How can anyone forgive perpetrators of evil? Answers to this question may seem impossible or at least difficult to comprehend, for we are used to hearing usual breaking news, like killing, wars, economic crises, accidents, abuse and others, while incidents, like forgiveness, restored relationships, service, celebration of the Eucharist, sacrifices, are not breaking news to us.
Martyrdom is a good example. The martyrs praised God for their suffering from their persecutors. Some even sought it. When Pope Sixtus was being led for execution, his deacon Lawrence exclaimed, “Father, where are you going without your deacon?” “I am not leaving you, my son,” answered the Pope. “In three days you will follow me.” And so it happened. Many instances of forgiveness have been shown.

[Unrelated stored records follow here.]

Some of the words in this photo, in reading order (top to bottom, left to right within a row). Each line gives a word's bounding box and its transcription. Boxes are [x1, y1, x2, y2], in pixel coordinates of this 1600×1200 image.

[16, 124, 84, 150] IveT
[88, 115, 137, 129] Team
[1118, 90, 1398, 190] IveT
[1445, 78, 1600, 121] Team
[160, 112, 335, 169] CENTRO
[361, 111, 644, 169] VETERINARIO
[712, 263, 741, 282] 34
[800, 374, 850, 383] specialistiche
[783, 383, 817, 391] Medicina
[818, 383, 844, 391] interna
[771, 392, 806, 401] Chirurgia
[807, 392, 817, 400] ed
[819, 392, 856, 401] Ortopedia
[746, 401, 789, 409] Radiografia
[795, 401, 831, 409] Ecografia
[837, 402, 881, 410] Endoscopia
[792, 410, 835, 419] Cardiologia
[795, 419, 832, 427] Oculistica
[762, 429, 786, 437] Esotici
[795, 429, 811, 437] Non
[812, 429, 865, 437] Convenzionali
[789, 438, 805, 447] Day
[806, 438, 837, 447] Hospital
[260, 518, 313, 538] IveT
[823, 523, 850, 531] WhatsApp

We can just look at the lives of the saints, and probably even in our families and among persons we know. In one of the parishes in the Philippines where I was assigned, a friend was murdered. When his mother arrived at the scene, in grief she just exclaimed the words Jesus uttered on the cross: “Lord, forgive them, for they do not know what they are doing.” Remember also 9-11 in 2001. What a manifestation of vengeance and unforgiveness.
There is so much unforgiveness in our world today manifested by the prolongation of wars, occurrences of hostilities among nations, and many instances of family disputes and court cases. Collapse of the sense of morality and peace has come about because many have been desensitized already by these things, especially as they are broadcasted in the media as ordinary daily events of life. And when unforgiveness takes root in people’s hearts, it begins to grow into bitterness and hatred, to the point of losing all opportunity to grow in love, and their hearts become cold and distant to others. Words that were once tender and loving are now filled with curses, accusations of misconduct and negative declarations.

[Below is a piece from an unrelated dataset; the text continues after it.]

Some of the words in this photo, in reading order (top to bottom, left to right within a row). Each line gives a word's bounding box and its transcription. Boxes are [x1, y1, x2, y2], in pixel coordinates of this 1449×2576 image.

We need to realize that our own insensitivity and unforgiveness keep the healing work of the Holy Spirit from renewing our lives. Many cherish their will to judge others that zap away all power to healthy and loving relationships. Many more have chosen to hold on to their past hurts and try to forget them. However, forgetting does not heal or take out the poison from the heart. Only forgiveness can take away the poison of pain and resentment, and with time, heal all hurts, for it is done in intimacy with the Lord of all consolation and love and in obedience and fidelity to His commands. We cannot wait till we feel the power to forgive, for it is not a feeling. It is a decision to obey the command of the Lord.

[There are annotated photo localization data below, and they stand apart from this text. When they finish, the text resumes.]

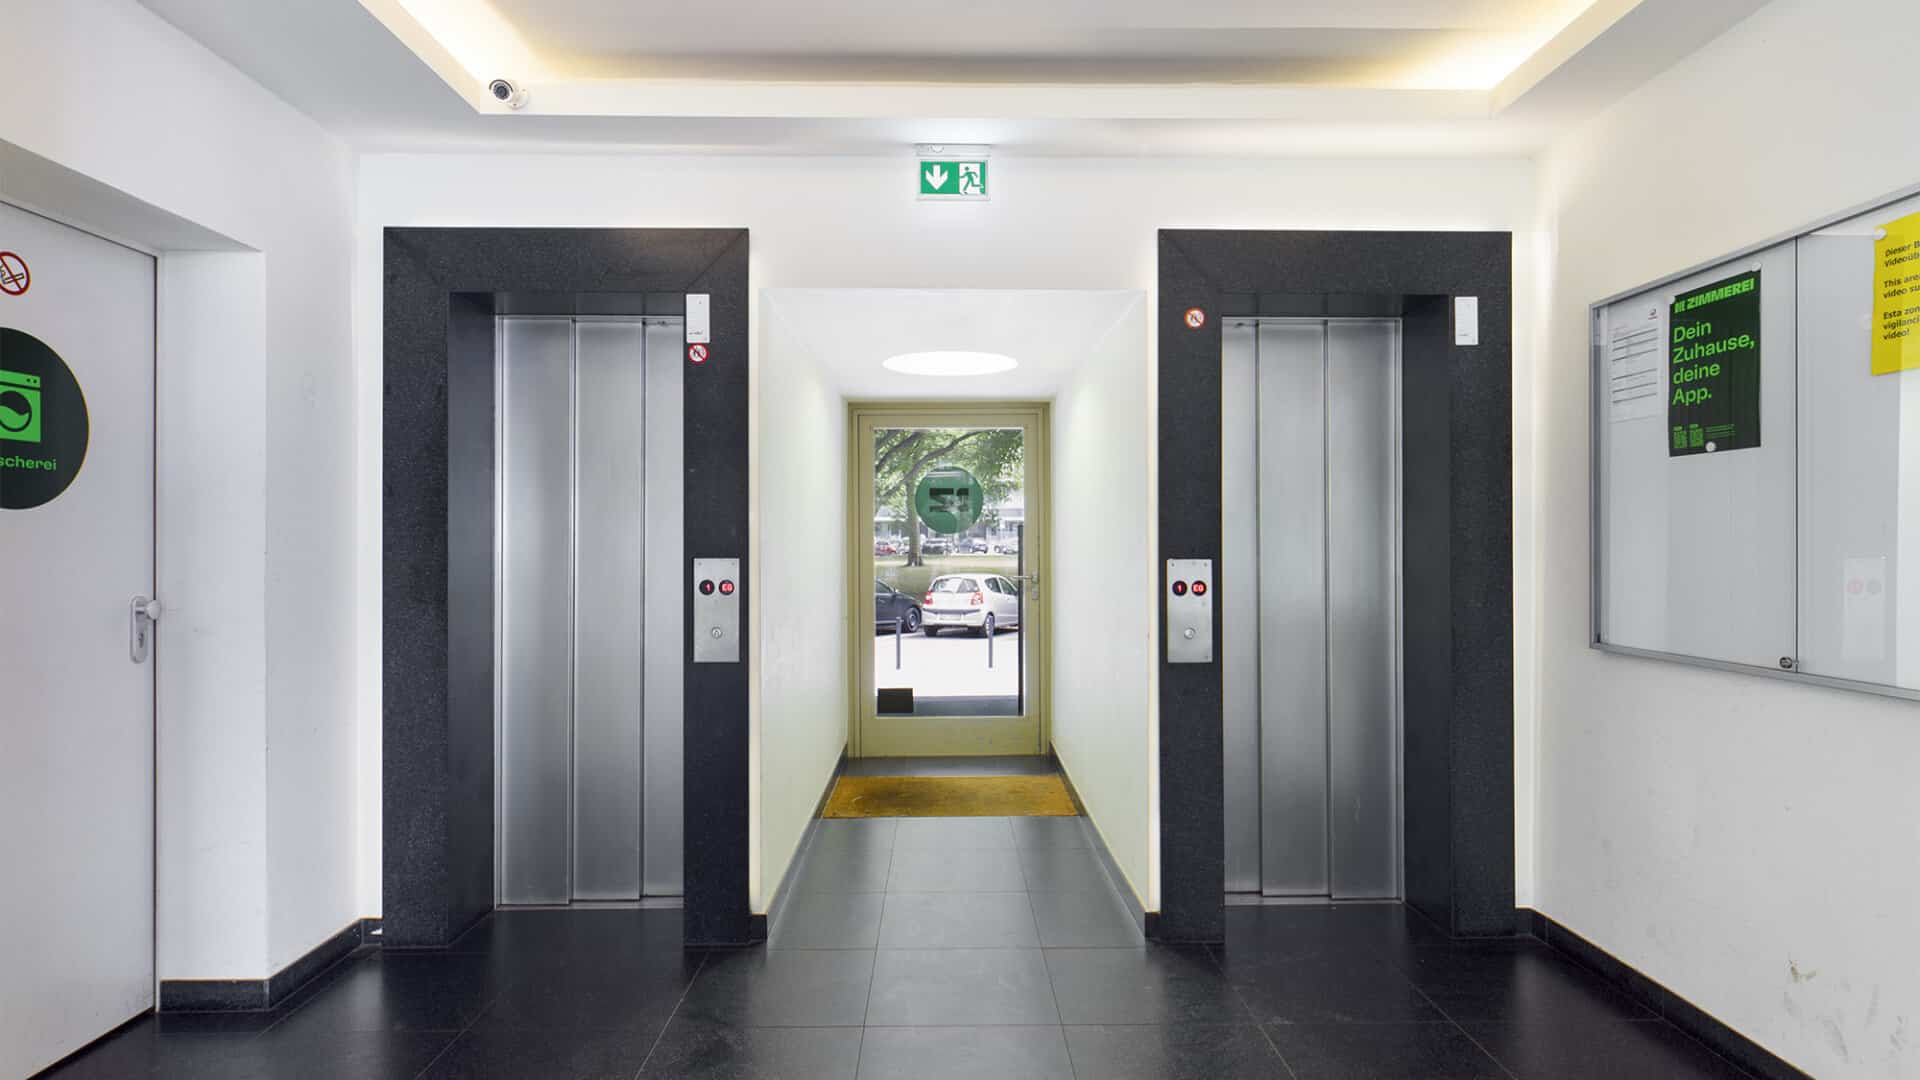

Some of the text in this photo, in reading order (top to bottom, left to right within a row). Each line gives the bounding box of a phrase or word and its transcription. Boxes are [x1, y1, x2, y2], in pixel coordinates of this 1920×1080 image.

[1885, 244, 1911, 257] Dieser
[1884, 278, 1902, 288] This
[1686, 278, 1755, 310] ZIMMEREI
[1883, 288, 1907, 299] video
[1883, 309, 1902, 320] Esta
[1674, 321, 1712, 344] Dein
[1883, 329, 1910, 340] video!
[1672, 334, 1755, 364] Zuhause,
[1673, 363, 1721, 385] deine
[1672, 387, 1712, 406] App.

There is only one cure for unforgiveness; and that is to forgive. When we pray the prayer that Jesus taught us, and we pray it a few times a day, we are doing it as a command from Him, not as a choice, for we are seeking the will, the mercy and the kingdom of the Father. We ask the Father to forgive us as we forgive those who have offended us, so that His Kingdom will reign in our hearts and in the world. As we always want to open ourselves to the vision of God, Sirach would say it another way:
Remember your last days, set enmity aside; remember death and decay, and cease from sin! Think of the commandments, hate not your neighbor; remember the Most High’s covenant, and overlook faults (Sir 28:6-7).
May the Mother of Jesus show us the way to the heart of Her Son Jesus, and may we be fully aware that the love Jesus brought to us in the Eucharist must be lived and shared with all God’s children.